A complete, exact copy of the data is the required answer.

■ Data excerpts ■

--- START ---

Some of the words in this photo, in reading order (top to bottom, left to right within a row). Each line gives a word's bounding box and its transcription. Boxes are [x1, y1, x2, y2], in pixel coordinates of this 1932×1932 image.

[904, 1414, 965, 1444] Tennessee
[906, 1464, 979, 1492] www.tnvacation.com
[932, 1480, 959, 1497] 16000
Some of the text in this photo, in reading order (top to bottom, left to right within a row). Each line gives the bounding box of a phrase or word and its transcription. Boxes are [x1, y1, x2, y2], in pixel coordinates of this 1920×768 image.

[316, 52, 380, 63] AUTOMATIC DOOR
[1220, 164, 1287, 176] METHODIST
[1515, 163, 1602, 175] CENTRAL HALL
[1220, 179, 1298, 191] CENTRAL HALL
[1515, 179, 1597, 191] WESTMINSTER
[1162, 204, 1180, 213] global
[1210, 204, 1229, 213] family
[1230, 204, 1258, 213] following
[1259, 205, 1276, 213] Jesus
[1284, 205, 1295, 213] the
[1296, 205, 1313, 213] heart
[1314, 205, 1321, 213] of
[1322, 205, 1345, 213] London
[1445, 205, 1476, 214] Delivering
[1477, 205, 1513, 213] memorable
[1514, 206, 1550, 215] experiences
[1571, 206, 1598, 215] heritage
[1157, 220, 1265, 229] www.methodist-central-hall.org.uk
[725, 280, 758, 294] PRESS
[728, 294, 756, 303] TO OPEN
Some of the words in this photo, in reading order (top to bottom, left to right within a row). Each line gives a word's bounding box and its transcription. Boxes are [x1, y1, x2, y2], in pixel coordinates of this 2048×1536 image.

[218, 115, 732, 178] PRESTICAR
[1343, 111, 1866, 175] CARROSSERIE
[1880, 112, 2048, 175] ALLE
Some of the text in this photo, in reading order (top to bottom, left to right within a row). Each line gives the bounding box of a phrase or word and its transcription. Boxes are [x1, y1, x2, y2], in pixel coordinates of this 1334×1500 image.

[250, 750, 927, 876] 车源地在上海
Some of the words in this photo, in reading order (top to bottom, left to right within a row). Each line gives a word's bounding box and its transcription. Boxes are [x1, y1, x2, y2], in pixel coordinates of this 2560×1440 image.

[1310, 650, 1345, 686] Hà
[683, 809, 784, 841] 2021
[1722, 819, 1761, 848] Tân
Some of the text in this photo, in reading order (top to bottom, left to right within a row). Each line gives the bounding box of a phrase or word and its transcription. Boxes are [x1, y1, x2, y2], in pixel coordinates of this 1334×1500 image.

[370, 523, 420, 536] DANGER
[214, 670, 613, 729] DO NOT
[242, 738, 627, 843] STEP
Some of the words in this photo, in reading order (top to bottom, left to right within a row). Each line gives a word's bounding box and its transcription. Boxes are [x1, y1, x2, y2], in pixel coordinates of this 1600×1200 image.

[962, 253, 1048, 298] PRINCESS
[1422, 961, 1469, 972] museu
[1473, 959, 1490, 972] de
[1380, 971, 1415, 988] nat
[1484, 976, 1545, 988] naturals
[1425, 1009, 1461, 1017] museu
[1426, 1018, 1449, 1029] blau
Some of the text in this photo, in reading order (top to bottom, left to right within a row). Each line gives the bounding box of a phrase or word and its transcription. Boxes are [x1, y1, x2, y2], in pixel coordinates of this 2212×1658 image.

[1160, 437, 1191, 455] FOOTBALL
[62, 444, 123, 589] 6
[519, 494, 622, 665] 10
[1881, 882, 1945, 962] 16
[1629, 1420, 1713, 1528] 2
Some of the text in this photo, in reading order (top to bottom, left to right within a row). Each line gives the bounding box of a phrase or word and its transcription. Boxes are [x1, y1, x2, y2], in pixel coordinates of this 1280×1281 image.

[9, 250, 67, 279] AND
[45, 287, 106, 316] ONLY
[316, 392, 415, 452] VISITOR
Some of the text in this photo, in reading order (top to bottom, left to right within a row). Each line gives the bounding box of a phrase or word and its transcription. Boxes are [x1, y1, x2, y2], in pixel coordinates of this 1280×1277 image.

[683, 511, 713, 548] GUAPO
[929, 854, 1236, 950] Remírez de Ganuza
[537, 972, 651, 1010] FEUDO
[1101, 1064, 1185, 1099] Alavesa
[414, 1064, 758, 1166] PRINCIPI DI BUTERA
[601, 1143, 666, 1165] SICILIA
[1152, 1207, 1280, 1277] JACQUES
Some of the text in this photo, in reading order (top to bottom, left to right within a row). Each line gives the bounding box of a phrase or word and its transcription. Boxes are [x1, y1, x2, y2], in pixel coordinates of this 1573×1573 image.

--- END ---

■ Problem solution ■
Some of the words in this photo, in reading order (top to bottom, left to right within a row). Each line gives a word's bounding box and its transcription. Boxes are [x1, y1, x2, y2], in pixel coordinates of this 1932×1932 image.

[904, 1414, 965, 1444] Tennessee
[906, 1464, 979, 1492] www.tnvacation.com
[932, 1480, 959, 1497] 16000
Some of the text in this photo, in reading order (top to bottom, left to right within a row). Each line gives the bounding box of a phrase or word and its transcription. Boxes are [x1, y1, x2, y2], in pixel coordinates of this 1920×768 image.

[316, 52, 380, 63] AUTOMATIC DOOR
[1220, 164, 1287, 176] METHODIST
[1515, 163, 1602, 175] CENTRAL HALL
[1220, 179, 1298, 191] CENTRAL HALL
[1515, 179, 1597, 191] WESTMINSTER
[1162, 204, 1180, 213] global
[1210, 204, 1229, 213] family
[1230, 204, 1258, 213] following
[1259, 205, 1276, 213] Jesus
[1284, 205, 1295, 213] the
[1296, 205, 1313, 213] heart
[1314, 205, 1321, 213] of
[1322, 205, 1345, 213] London
[1445, 205, 1476, 214] Delivering
[1477, 205, 1513, 213] memorable
[1514, 206, 1550, 215] experiences
[1571, 206, 1598, 215] heritage
[1157, 220, 1265, 229] www.methodist-central-hall.org.uk
[725, 280, 758, 294] PRESS
[728, 294, 756, 303] TO OPEN
Some of the words in this photo, in reading order (top to bottom, left to right within a row). Each line gives a word's bounding box and its transcription. Boxes are [x1, y1, x2, y2], in pixel coordinates of this 2048×1536 image.

[218, 115, 732, 178] PRESTICAR
[1343, 111, 1866, 175] CARROSSERIE
[1880, 112, 2048, 175] ALLE
Some of the text in this photo, in reading order (top to bottom, left to right within a row). Each line gives the bounding box of a phrase or word and its transcription. Boxes are [x1, y1, x2, y2], in pixel coordinates of this 1334×1500 image.

[250, 750, 927, 876] 车源地在上海
Some of the words in this photo, in reading order (top to bottom, left to right within a row). Each line gives a word's bounding box and its transcription. Boxes are [x1, y1, x2, y2], in pixel coordinates of this 2560×1440 image.

[1310, 650, 1345, 686] Hà
[683, 809, 784, 841] 2021
[1722, 819, 1761, 848] Tân
Some of the text in this photo, in reading order (top to bottom, left to right within a row). Each line gives the bounding box of a phrase or word and its transcription. Boxes are [x1, y1, x2, y2], in pixel coordinates of this 1334×1500 image.

[370, 523, 420, 536] DANGER
[214, 670, 613, 729] DO NOT
[242, 738, 627, 843] STEP
Some of the words in this photo, in reading order (top to bottom, left to right within a row). Each line gives a word's bounding box and its transcription. Boxes are [x1, y1, x2, y2], in pixel coordinates of this 1600×1200 image.

[962, 253, 1048, 298] PRINCESS
[1422, 961, 1469, 972] museu
[1473, 959, 1490, 972] de
[1380, 971, 1415, 988] nat
[1484, 976, 1545, 988] naturals
[1425, 1009, 1461, 1017] museu
[1426, 1018, 1449, 1029] blau
Some of the text in this photo, in reading order (top to bottom, left to right within a row). Each line gives the bounding box of a phrase or word and its transcription. Boxes are [x1, y1, x2, y2], in pixel coordinates of this 2212×1658 image.

[1160, 437, 1191, 455] FOOTBALL
[62, 444, 123, 589] 6
[519, 494, 622, 665] 10
[1881, 882, 1945, 962] 16
[1629, 1420, 1713, 1528] 2
Some of the text in this photo, in reading order (top to bottom, left to right within a row). Each line gives the bounding box of a phrase or word and its transcription. Boxes are [x1, y1, x2, y2], in pixel coordinates of this 1280×1281 image.

[9, 250, 67, 279] AND
[45, 287, 106, 316] ONLY
[316, 392, 415, 452] VISITOR
Some of the text in this photo, in reading order (top to bottom, left to right within a row). Each line gives the bounding box of a phrase or word and its transcription. Boxes are [x1, y1, x2, y2], in pixel coordinates of this 1280×1277 image.

[683, 511, 713, 548] GUAPO
[929, 854, 1236, 950] Remírez de Ganuza
[537, 972, 651, 1010] FEUDO
[1101, 1064, 1185, 1099] Alavesa
[414, 1064, 758, 1166] PRINCIPI DI BUTERA
[601, 1143, 666, 1165] SICILIA
[1152, 1207, 1280, 1277] JACQUES
Some of the text in this photo, in reading order (top to bottom, left to right within a row). Each line gives the bounding box of a phrase or word and its transcription. Boxes are [x1, y1, x2, y2], in pixel coordinates of this 1573×1573 image.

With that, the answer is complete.